[VB.NET]Parsing text between HTML tags

Discussion in 'Mixed Languages' started by QuantumBug, Oct 14, 2012.

  1. QuantumBug

    QuantumBug MDL Developer

    Mar 7, 2012
    1,488
    1,322
    60
    #1 QuantumBug, Oct 14, 2012
    Last edited by a moderator: Apr 20, 2017
    Basically, I'm using a streamreader to load the HTML of a site into a buffer to read from.

    I'm reading the HTML and grabbing what I want fine using .IndexOf("") but the thing is I'm not sure on how to stop it from reading after the tag ends.

    Because of this I'm using string.Length and say I'm grabbing a release date I get 7/3/11</li> and more jargon i don't want after the tag </li> blah blah.

    To put what I want in simple terms, here is an example of what I'm reading.

    Code:
    <li class="ReleaseDate"><label>Release date:</label> 12/16/2010</li>
    
    How could I read JUST the date from that line of code using .IndexOf? Can I tell it to end reading the string at </li>? I'm really stuck with this :(
     
    Stop hovering to collapse... Click to collapse... Hover to expand... Click to expand...
  2. stevemk14ebr

    stevemk14ebr MDL Senior Member

    Jun 23, 2010
    267
    48
    10
    #2 stevemk14ebr, Oct 14, 2012
    Last edited by a moderator: Apr 20, 2017
    try this
    Code:
     Dim str As String
        Dim strArr() As String
        Dim box3 As String
    
    Private Sub Form1_Load(sender As Object, e As EventArgs) Handles MyBase.Load
            str = <li class="ReleaseDate"><label>Release date:</label> 12/16/2010</li>
            strArr = str.Split(" ")
            box3 = strArr(2)
           TextBox3.Text = box3
    
    the reason this works is the the variable str is actually equal to "Release Date: 12/16/2010" because it reads the html so when i split with the .split method 3 things are put into the string array (strArr) Release, Date, and then the number series since arrays start at 0 the third is actually strArr(2)
    if you put
    Code:
     messagebox.show(str)
    you can see what str is actually equal to
     
    Stop hovering to collapse... Click to collapse... Hover to expand... Click to expand...
  3. QuantumBug

    QuantumBug MDL Developer

    Mar 7, 2012
    1,488
    1,322
    60
    #3 QuantumBug, Oct 14, 2012
    Last edited by a moderator: Apr 20, 2017
    (OP)
    Couldn't get it to work.

    Literally the whole webpage is stored so it can be read from.
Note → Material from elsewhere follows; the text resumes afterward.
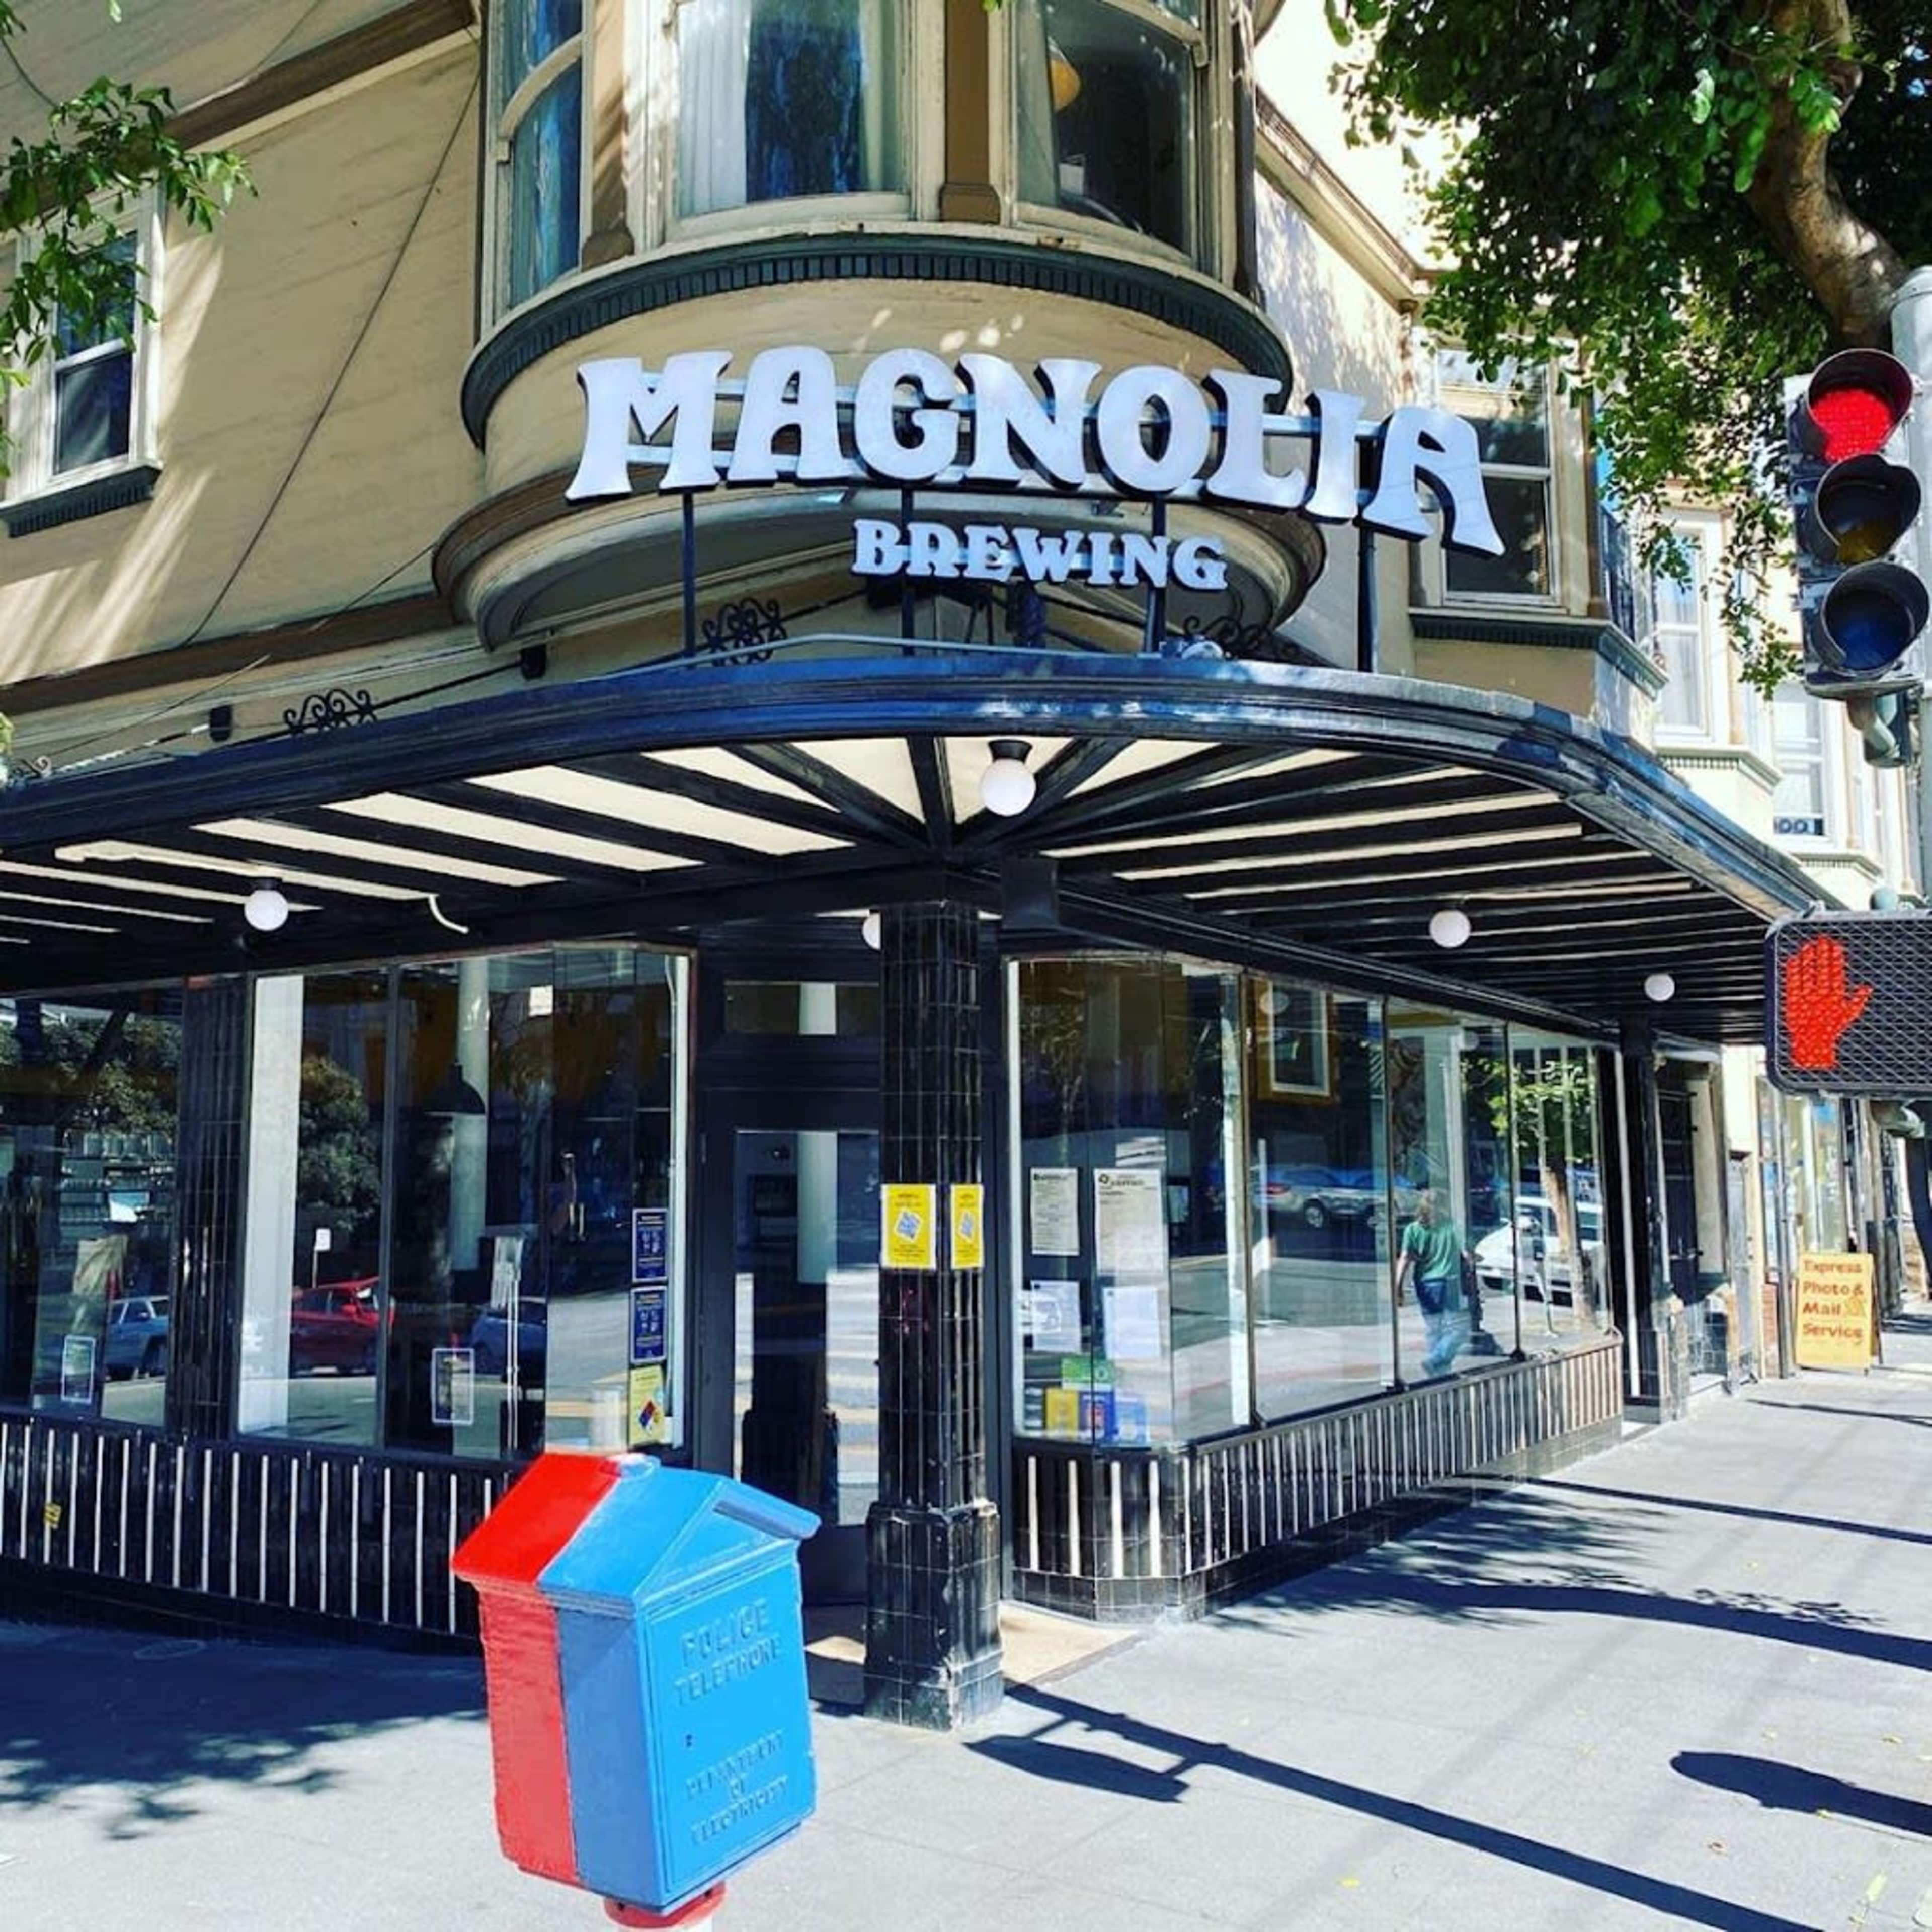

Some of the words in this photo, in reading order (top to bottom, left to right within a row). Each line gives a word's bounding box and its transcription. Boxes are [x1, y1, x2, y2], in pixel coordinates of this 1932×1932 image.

I can get the release date fine, 12/16/2010</li> I want to remove everything efter the red.

    Well, I can get the release date on it's own ok, but each Xbox 360 game in the site has some information on the game and it's character count always changes and the tag at the end will always be the same, so cutting of anything past </li> is essential.
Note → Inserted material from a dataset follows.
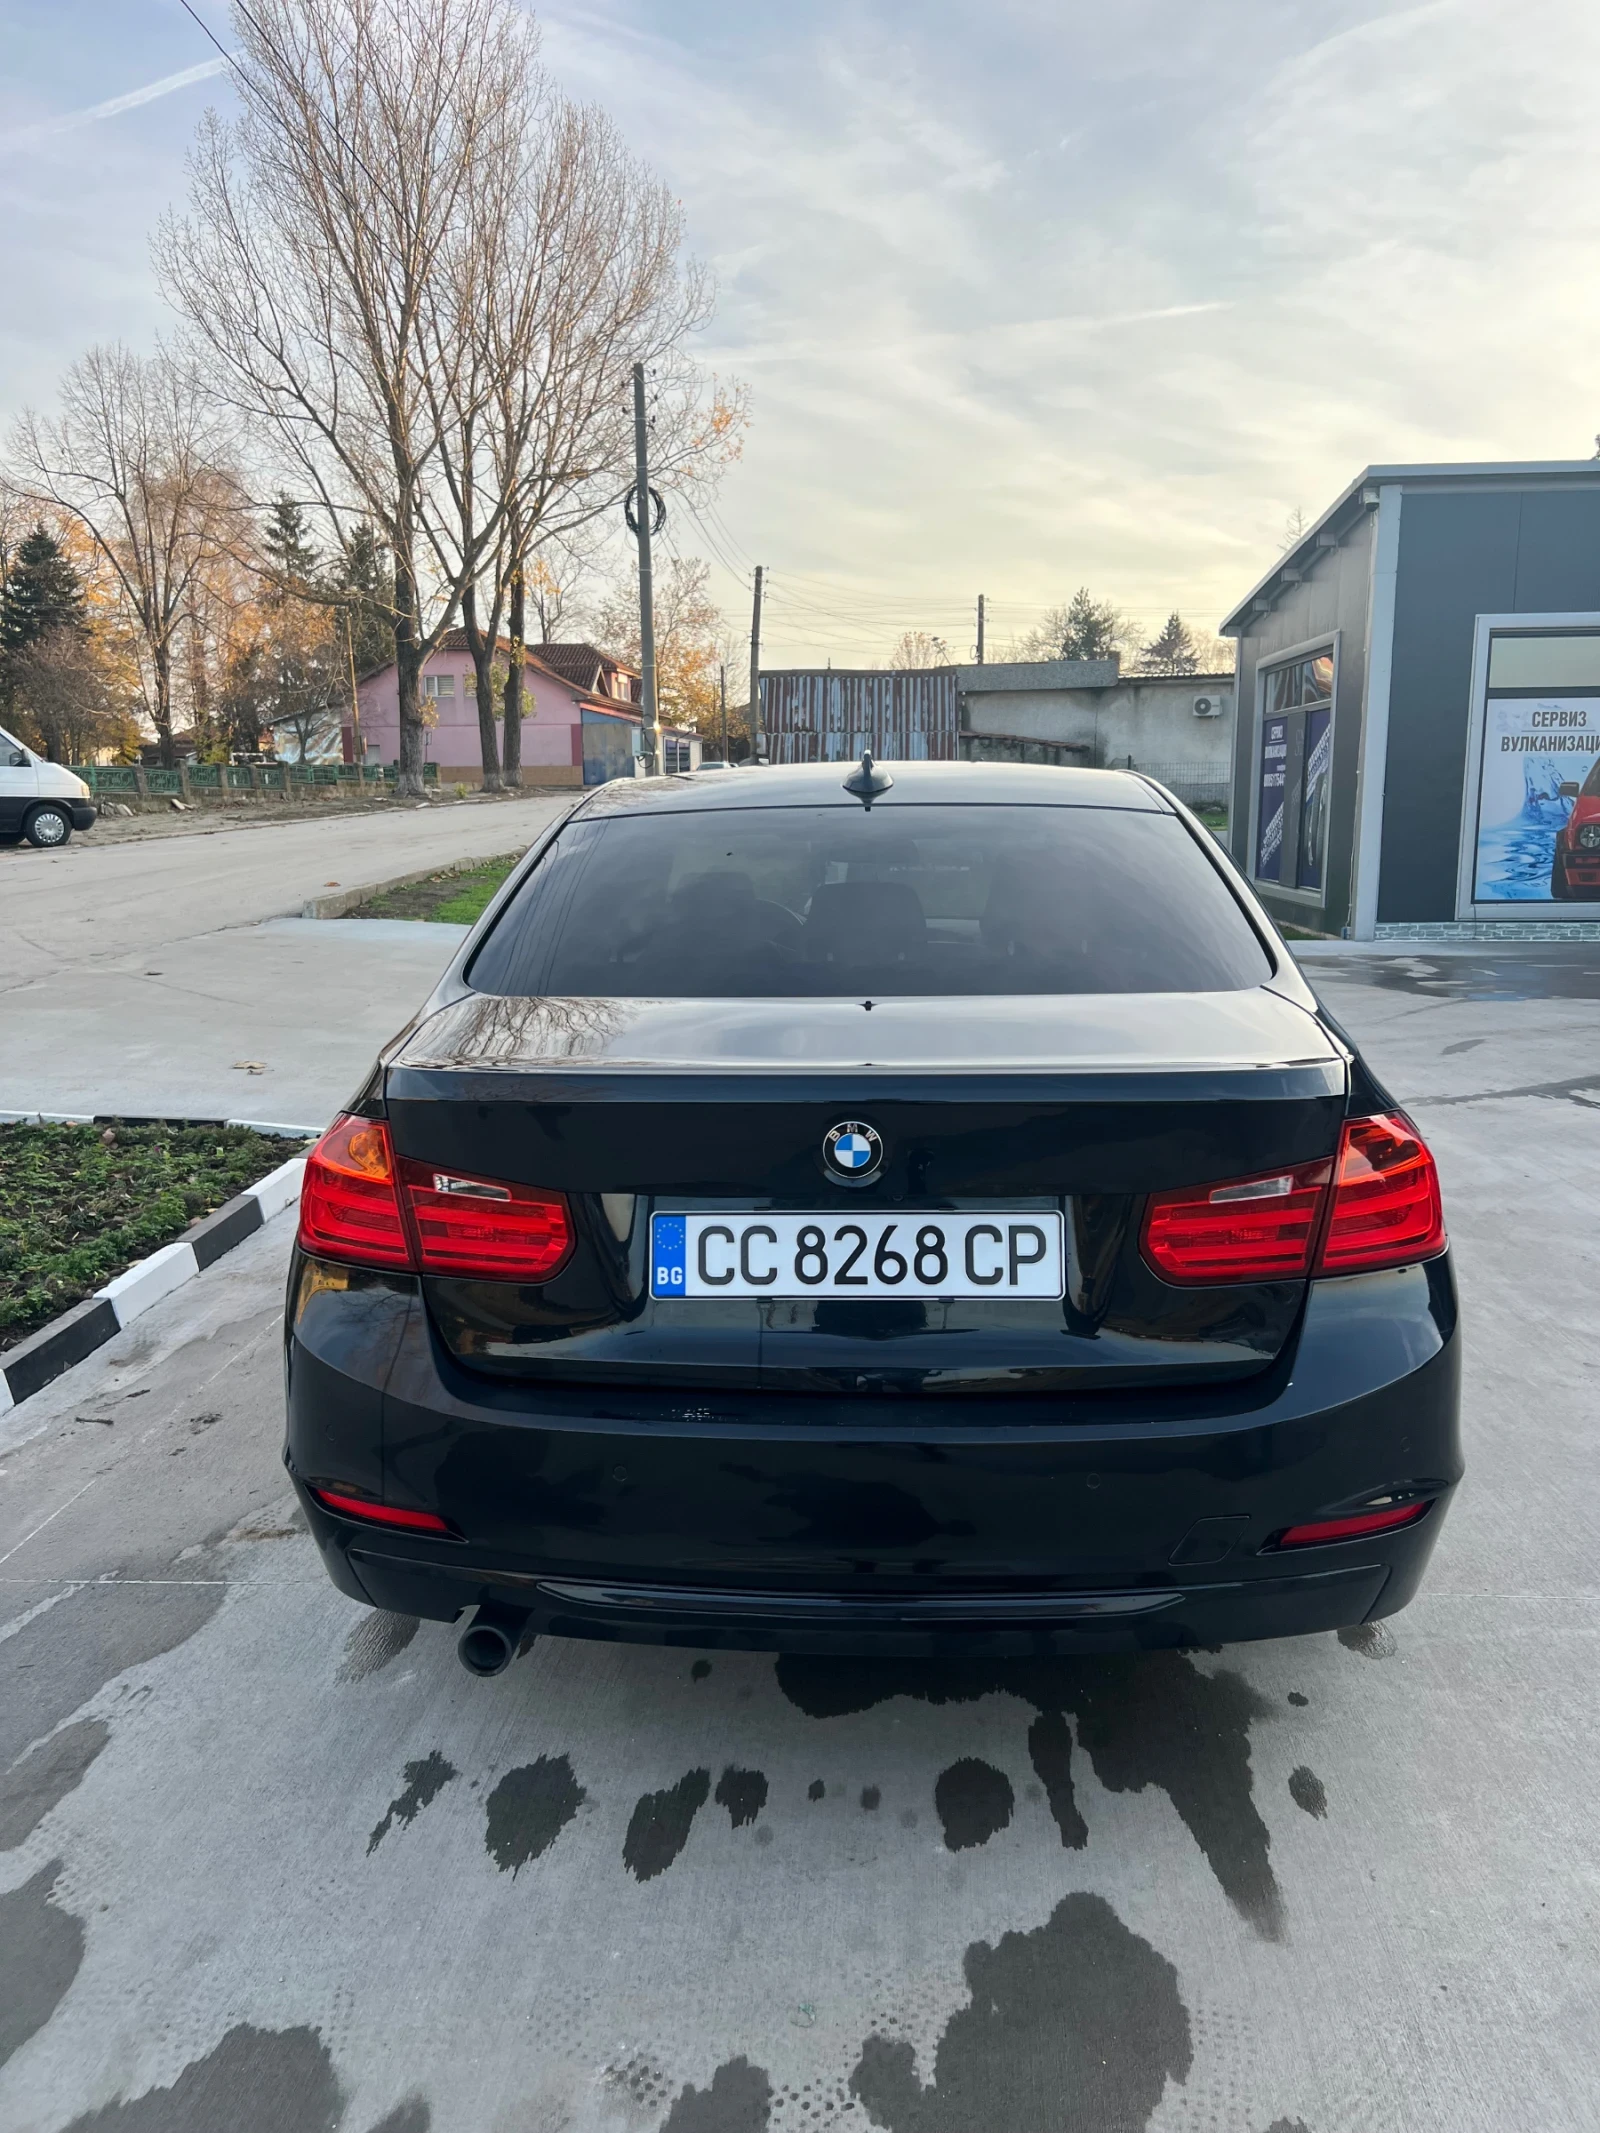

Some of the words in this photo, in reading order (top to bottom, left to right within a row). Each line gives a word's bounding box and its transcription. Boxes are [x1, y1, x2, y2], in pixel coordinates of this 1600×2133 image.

    So what I'd do is read from the index needed to get the data and remove any data after a matching string. I'll post my code and edit here.

    EDIT:

    Code:
        
    Private Sub Button2_Click(sender As System.Object, e As System.EventArgs) Handles Button2.Click
    
     
    Dim srchString As String = "<label>Release date:</label>"'Storing the string I'm looking for
     
    Dim net As New Net.WebClient() 'Add webclient
     
    Dim src As String = net.DownloadString("http://marketplace.xbox.com/en-US/Product/Fable-III/66acd000-77fe-1000-9115-d8024d5308d6") 'Downloading the HTML
     
    Dim rd As String
    
            rd = src.Substring(src.IndexOf(srchString) + srchString.Length, 50) 'Grabbing the data I want
     
    'This above code returns > "6/8/2011</li> <li class="FileSize"><labe" - Now, how can I trim EVERYTHING past </li>????
    
            TextBox2.Text = rd    
    End Sub
    
     
    Stop hovering to collapse... Click to collapse... Hover to expand... Click to expand...
  4. stevemk14ebr

    stevemk14ebr MDL Senior Member

    Jun 23, 2010
    267
    48
    10
    #4 stevemk14ebr, Oct 14, 2012
    Last edited by a moderator: Apr 20, 2017
    here ya go i tested it
    Code:
     Dim loc As Integer
        Dim str As String
    
        Private Sub Form1_Load(sender As Object, e As EventArgs) Handles MyBase.Load
    
            Dim srchString As String = "<label>Release date:</label>" 'Storing the string I'm looking for
    
            Dim net As New Net.WebClient() 'Add webclient
    
            Dim src As String = net.DownloadString("http://marketplace.xbox.com/en-US/Product/Fable-III/66acd000-77fe-1000-9115-d8024d5308d6") 'Downloading the HTML
    
            Dim rd As String
    
            rd = src.Substring(src.IndexOf(srchString) + srchString.Length, 50) 'Grabbing the data I want
    
            'This above code returns > "6/8/2011</li> <li class="FileSize"><labe" - Now, how can I trim EVERYTHING past </li>????
            'finds the start of </li>
            loc = rd.IndexOf("</li>")
            'removes everything past li with +5 to include the li because indexof returns the first character then puts 
            'the trimmed string into str
            str = rd.Remove((loc + 5))
            TextBox2.Text = str
        End Sub
    btw how do you keep the color in the code tags when u paste on here
     
    Stop hovering to collapse... Click to collapse... Hover to expand... Click to expand...
  5. QuantumBug

    QuantumBug MDL Developer

    Mar 7, 2012
    1,488
    1,322
    60
    Copy and paste straight from Visual Studio but don't use IE, use Forefox :)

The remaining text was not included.